Why this project
This originated as a teaching-and-baselining exercise: before using advanced methods, we should understand how robust classic classifiers behave on a messy, real‑world dataset. The goal was to quantify strengths/weaknesses across bias–variance regimes, get trustworthy reference metrics (Accuracy, AUC), and build intuition about which weather variables actually matter for short‑term temperature changes.
- Audience: students and practitioners — from basic stats to ML engineers.
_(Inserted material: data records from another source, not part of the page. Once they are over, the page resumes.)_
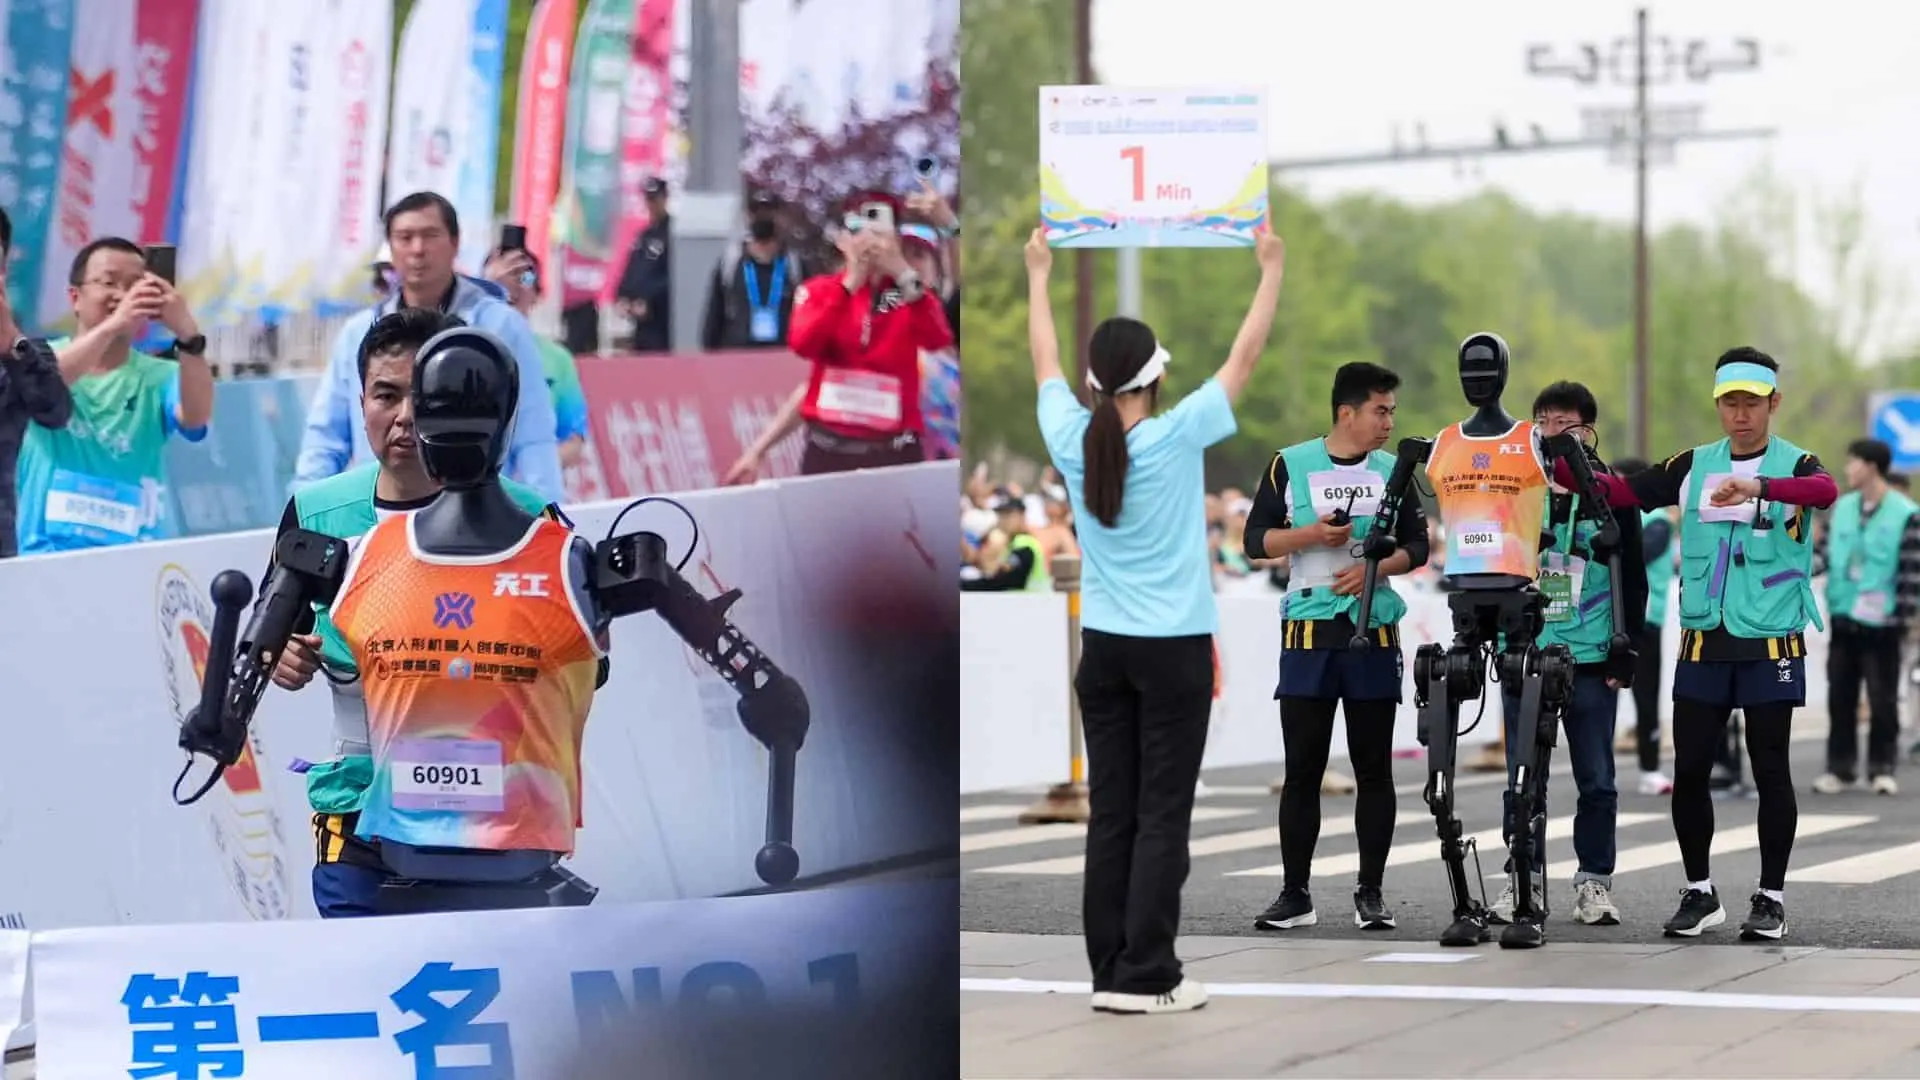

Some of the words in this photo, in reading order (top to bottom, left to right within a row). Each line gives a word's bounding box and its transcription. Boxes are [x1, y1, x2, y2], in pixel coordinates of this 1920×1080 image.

[1120, 145, 1145, 201] 1
[1156, 183, 1192, 201] Min
[1324, 486, 1374, 500] 60901
[1464, 533, 1493, 545] 60901
[493, 571, 550, 598] 天工
[413, 766, 483, 786] 60901
[120, 961, 514, 1080] 第一名
- Design principles: consistent splits, transparent pre‑processing, clear metrics, and reproducibility.
- Outcome: Random Forest emerged as the most reliable baseline (highest AUC), with wind direction and afternoon temperature/humidity key signals alongside sunshine/evaporation.
Data & preprocessing
- Target:
WarmerTomorrow(1 if tomorrow’s max temp exceeds today’s; else 0). - Sampling: 10 random locations from 49; 5,000 daily rows sampled; missing values removed; class balance ≈ 1055 : 953 (warm vs not), i.e., reasonably balanced.
- Predictors: Sunshine, Evaporation, Min/Max/Temp3pm, Humidity3pm, wind direction features, etc. Date/location retained to test importance but excluded from some models.
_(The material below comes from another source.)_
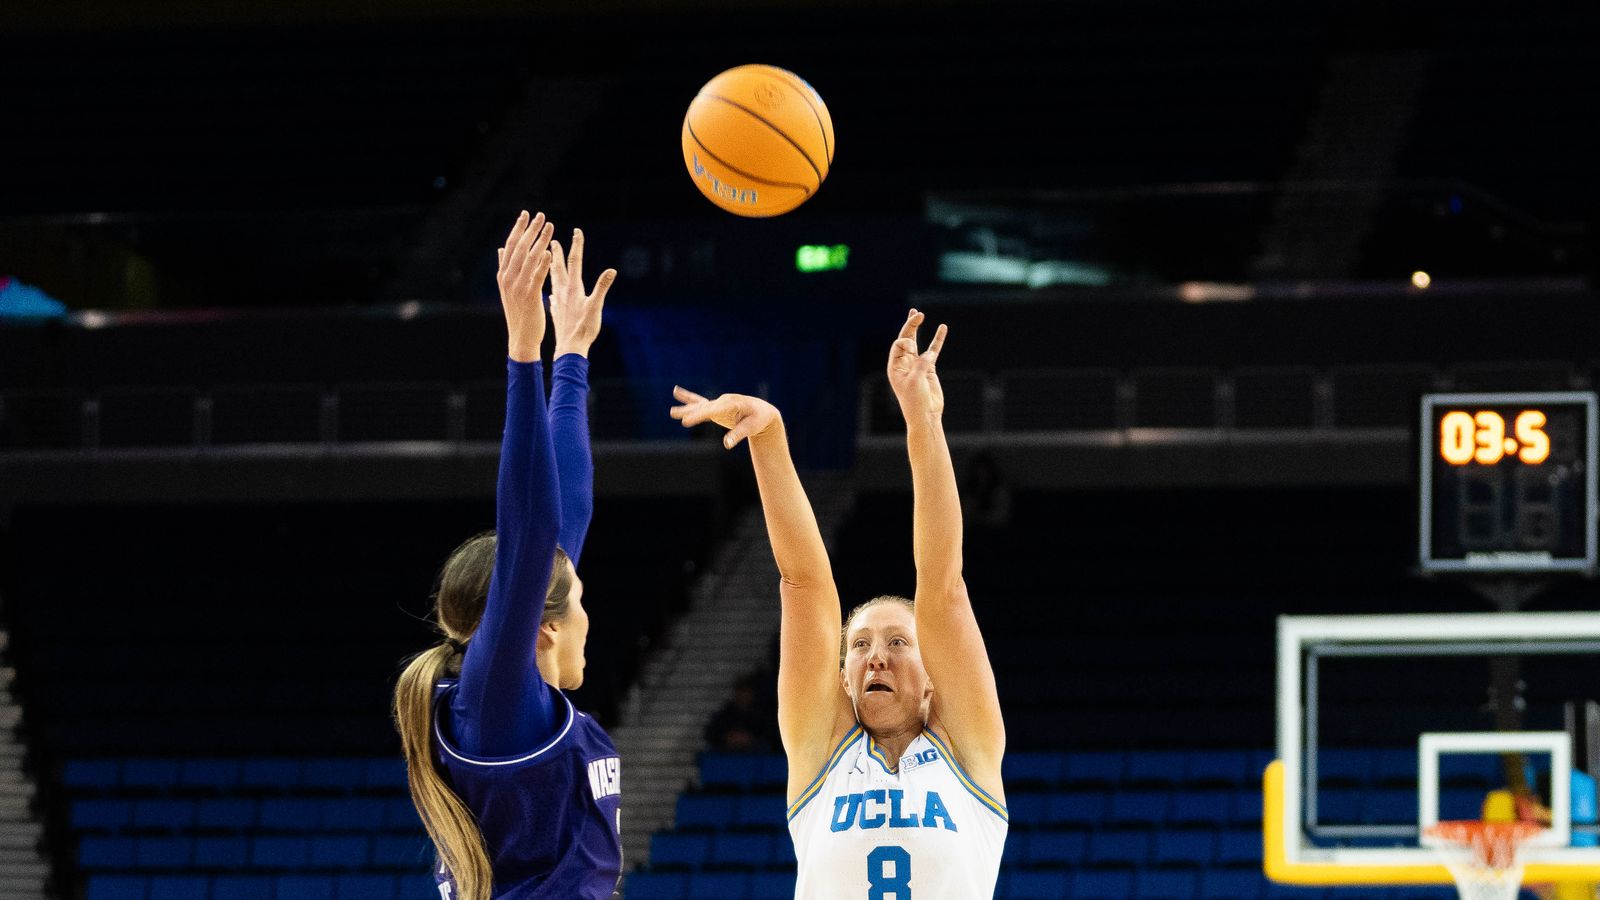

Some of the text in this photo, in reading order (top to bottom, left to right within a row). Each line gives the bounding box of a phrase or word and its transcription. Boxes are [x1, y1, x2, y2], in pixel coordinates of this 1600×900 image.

[1440, 410, 1550, 465] 03.5
[830, 789, 957, 832] UCLA
[867, 846, 911, 900] 8
- Split: 70% train / 30% test, reproducible seed.
Potential leakage check: ensure today’s max temperature doesn’t trivially encode tomorrow by construction; keep lag definitions clean.
Models compared
- Decision Tree (
tree): interpretable baseline; pruned via cross‑validation. - Naive Bayes (
e1071): strong with conditionally independent evidence; surprisingly competitive. - Bagging (
adabag): reduces variance by aggregating bootstrapped trees. - Boosting (
adabag+rpart): focuses on hard cases; good AUC on this data. - Random Forest (
randomForest): best overall balance of accuracy/AUC and variable importance stability. - Neural Net (
neuralnet): tiny MLP on a compact subset of features.
Results (test set)
| Classifier | Accuracy | AUC | Notes |
|---|---|---|---|
| Decision Tree | 0.612 | 0.665 | Improves to 0.625 after pruning (CV). |
| Naive Bayes | 0.648 | 0.685 | Simple, fast, decent baseline. |
| Bagging | 0.625 | 0.703 | Variance reduction; solid AUC. |
| Boosting | 0.658 | 0.729 | Best single‑tree ensemble on AUC aside from RF. |
| Random Forest | 0.668 | 0.744 | Top performer overall. |
| Neural Net (small) | ≈0.660 | — | Comparable accuracy; RF still ahead on AUC. |
Metrics reproduced from the original analysis; minor variation is expected if you re‑sample or change pre‑processing.
ROC curves & AUC
We compute ROC curves with ROCR from model posterior probabilities/scores. On this dataset the bagging and boosting curves overlap substantially; Random Forest dominates the upper‑left area, translating to the best AUC.
Feature importance
Across tree‑based models, the consistently influential variables were:
- Sunshine, Temp3pm, Humidity3pm, Evaporation, MaxTemp, MinTemp
- Wind directions: WindDir9am, WindDir3pm, WindGustDir
Date/location fields contributed little and can be dropped in production to avoid spurious associations.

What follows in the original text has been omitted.